What is teledentistry?

  • Teledentistry is the use of telehealth systems in dentistry.  It isn’t the same as face-to-face exams or treatment.  It:
    • Limits exposure to COVID-19 through social distancing
    • Delivers virtual health and education. 
    • Lets dentists and dental specialists advise patients.  They can consult with other dental providers. They can assess and direct a patient to the right source of care (if needed). 
    • Serves patients with certain dental conditions and concerns.
    • Can decrease the number of patients seeking dental care at emergency departments (ED).
  • Providers offer advice and education through: 
    • Live video interaction
    • Store-and-forward.  This is when a patient, provider, or location sends records or data to a different dental provider or specialist.  This happens using secure system.  
  • There may not be a way to conduct a teledentistry appointment.  The patient may not have internet access. The patient’s locate is too remote – there’s not enough bandwidth.  A provider may call to provide advice, consultation, and/or triage.

Does the Military Health System (MHS) offer teledentistry?

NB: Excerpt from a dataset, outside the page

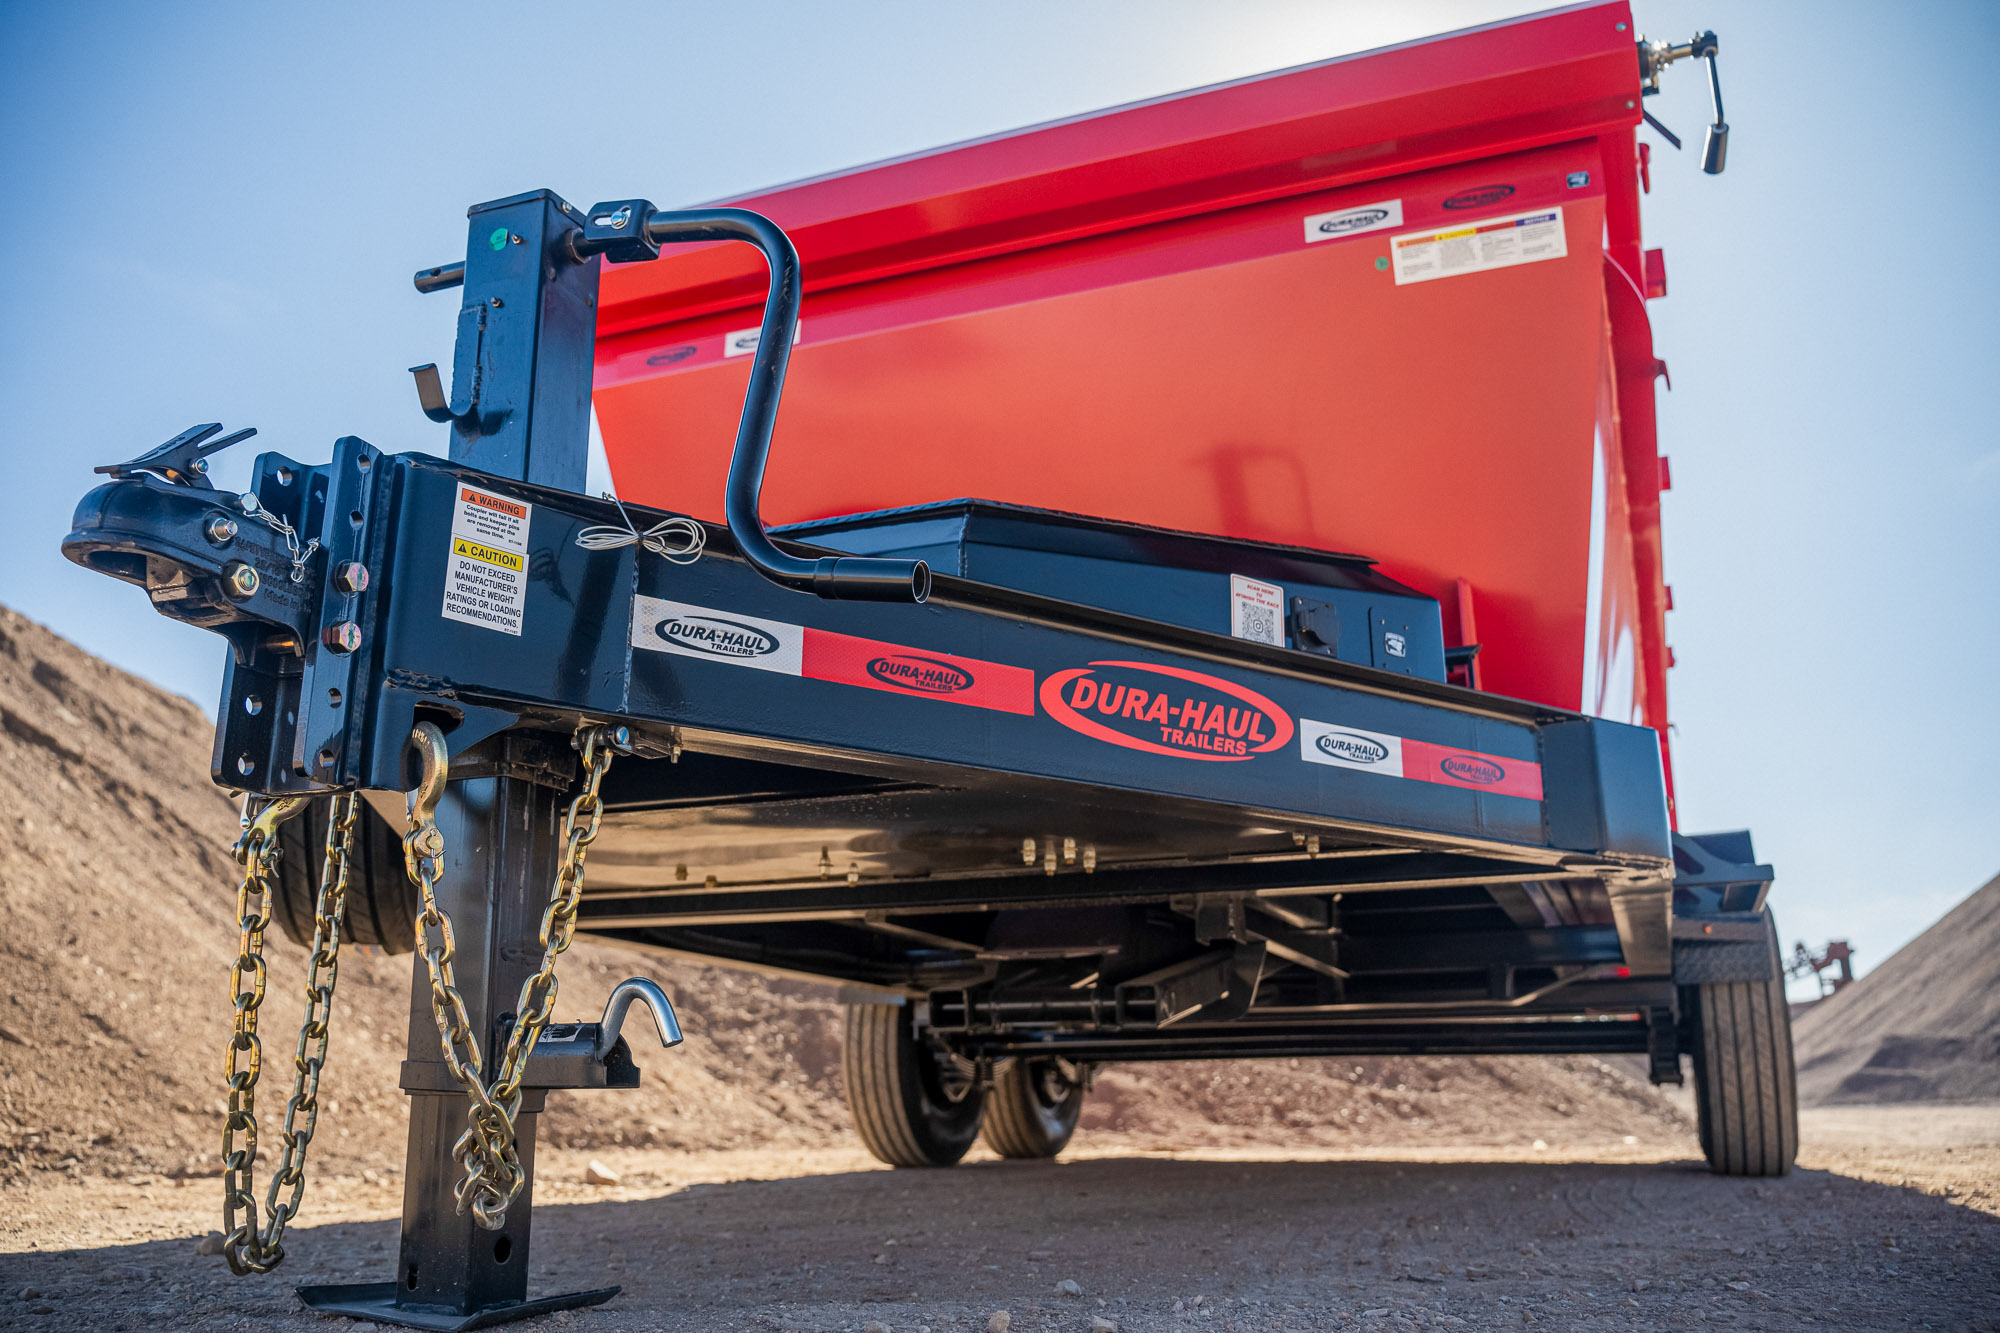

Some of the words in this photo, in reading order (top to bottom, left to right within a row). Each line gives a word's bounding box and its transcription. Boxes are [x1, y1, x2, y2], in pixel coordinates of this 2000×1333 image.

  • The Military Health System (MHS) offers teledentistry.  Providers may use it, for example, when: 
    • A patient quarantined at home needs a virtual appointment
    • A dentist has to assess a Service member’s dental risk before deployment
    • A dental providers need to consult with other dental or medical providers
    • Providers base its use on good clinical judgment. 
  • Service Members and the Corporate Dental System (CDS).  CDS will let service members know if they can get teledentistry appointments at local dental treatment facilities.
  • A diagnosis may not be possible in a teledentistry appointment.  It may require a physical exam and new x-days.  But, impressions may be helpful to advice, educate, or triage the patient.
  • Dental providers must follow HIPAA rules. Providers should:
    • Only use DoD or DHA-approved means to conduct the visit (This only applies to military providers.)
    • Confirm the patient’s identity.
    • Avoid others being in the room during the visit to protect the patient’s privacy.
    • Send documents and images through secure means.  For example, use encrypted email, a secure system.

Does the TRICARE Dental Program (TDP) or Active Duty Dental Program (ADDP) cover teledentistry?

TRICARE doesn’t usually cover teledentistry. The Defense Health Agency is granting a temporary waiver due to COVID-19.  Dental providers may now offer limited exams or consults through teledentistry.  Check with your dentist to see if he or she offers this service.